Linux hacked more often than Windows
Interesting new stats being reported on hacks against Linux. I've also read these reports in Slashdot recently. What I'm most interested in understanding is: who are these people who are hacking Linux and what is their motivation? I can kind of understand people wanting to hack Microsoft stuff just to feel like they are a 733t rebel or something. But Linux?
From ZDNET:
“While Linux has long enjoyed a reputation for being more secure than closed source operating systems such as Windows, its rise in popularity has also made it a far more common target for hackers, a new study suggests. An analysis of hacker attacks on online servers in January by security consultancy mi2g found that Linux servers were the most frequently violated, accounting for 13,654 successful attacks, or 80 per cent of the survey total. Windows ran a distant second with 2,005 attacks. A more specific analysis of government servers also found Linux more susceptible, accounting for 57 per cent of all breaches.“
Comments
- Anonymous
February 20, 2004
Perhaps the wide availability of source lures more active minds into figuring out some vulnerabilities just by analyzing the static code. - Anonymous
February 20, 2004
Maybe the major servers are on Linux platforms... - Anonymous
February 20, 2004
Stefano, I don't think the Netcraft stats confirm that, but, even if it were so, why would the haxors want to destabilize Linux's security rep? I'm sure there is a rationale here (and I'm sure if I read /. enough someone's probably explaining it already), I just don't get it at the moment... - Anonymous
February 20, 2004
FUD
FACT: Everybody dresses up the truth to sell theyre story. Every body adds theyre own little twist or inuendo. - Anonymous
February 20, 2004
While I believe that if a product is used on enough servers, it'll be hacked, mi2g don't have a particularly fantastic reputation in the security business; at least going by a google search on their name. - Anonymous
February 20, 2004
The comment has been removed - Anonymous
February 20, 2004
Your comment is interesting and very Microsoftish (IMHO) in that you attribute their motives to supporting an organization. I don't think it matters what system they target, I doubt these guys care about Window's reputation or even Linux's security reputation. You're attributing a desire to [not] support Linux or [not] support MS to their motives and I highly doubt that comes into it.
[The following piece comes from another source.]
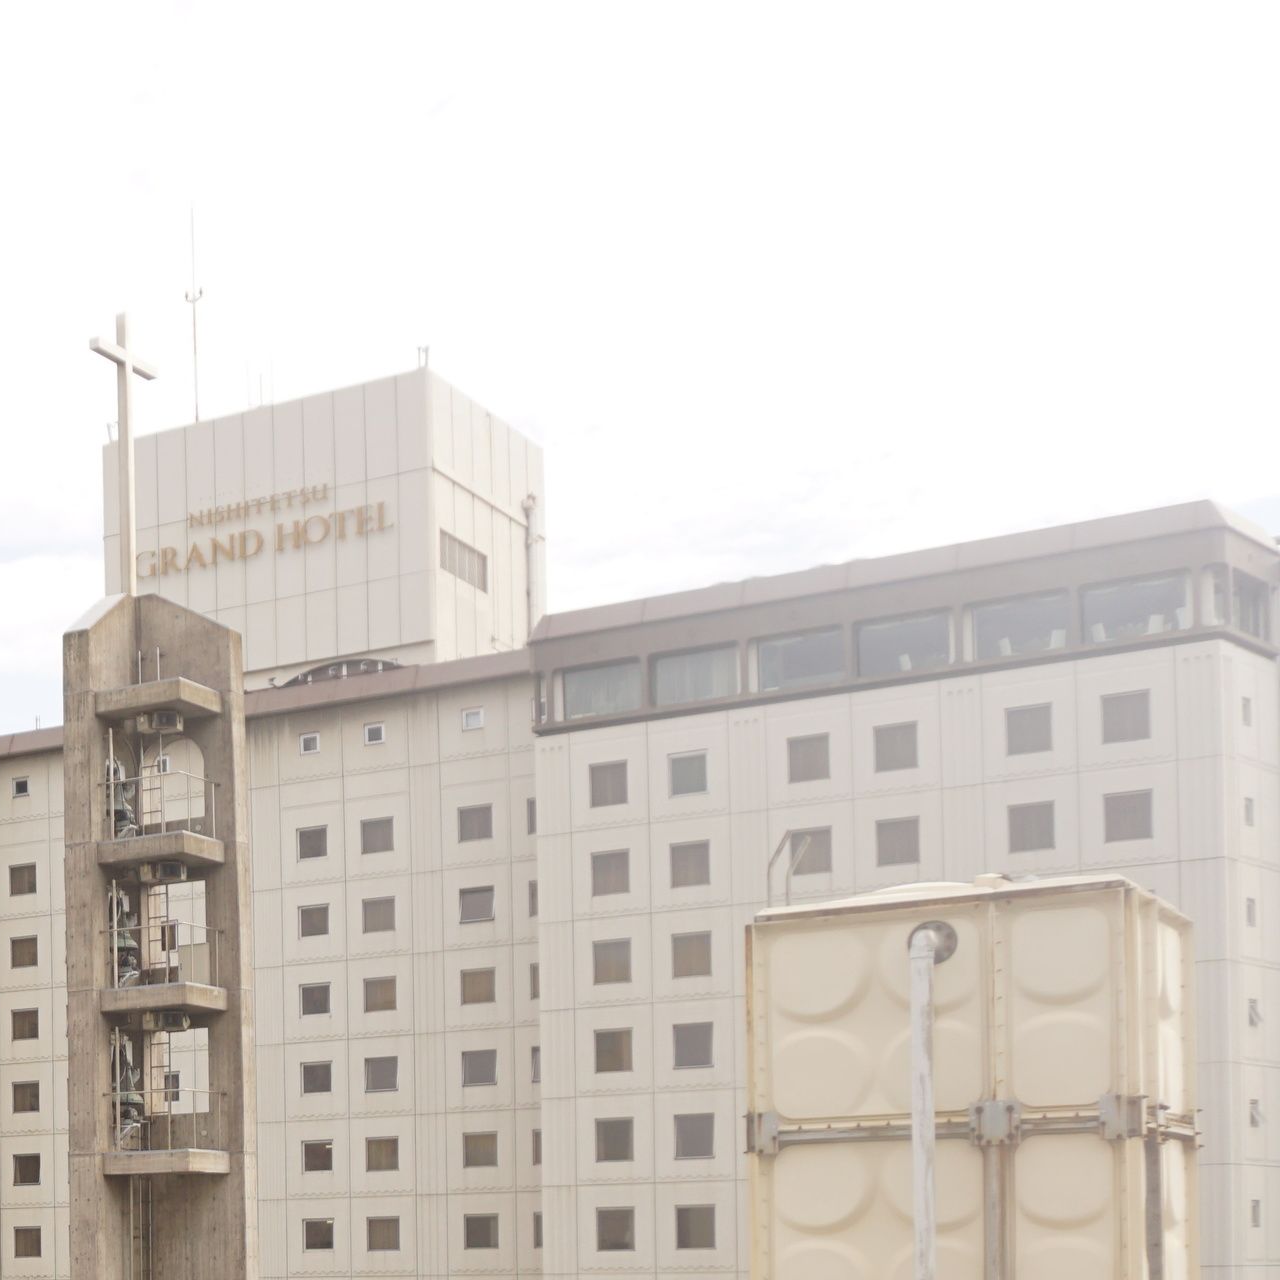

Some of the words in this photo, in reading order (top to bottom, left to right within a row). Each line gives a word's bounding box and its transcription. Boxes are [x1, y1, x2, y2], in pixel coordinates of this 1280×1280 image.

I have a feeling the higher attack rate has everything to do with being able to search for the vulnerabilities in the source code rather than having the spend the time to discover them by reverse engineering. I run both Linux and Windows and I feel more secure with Linux only because the MS exploits receive more attention and the patch rate on Linux seems higher and faster. (Whenever I hear about a Linux exploit there is almost always a patch for it within hours. With MS I have no idea how long its been sitting there before the information about the exploit has been release along with a patch.) Might not be rational or reasonable but thats the way it is.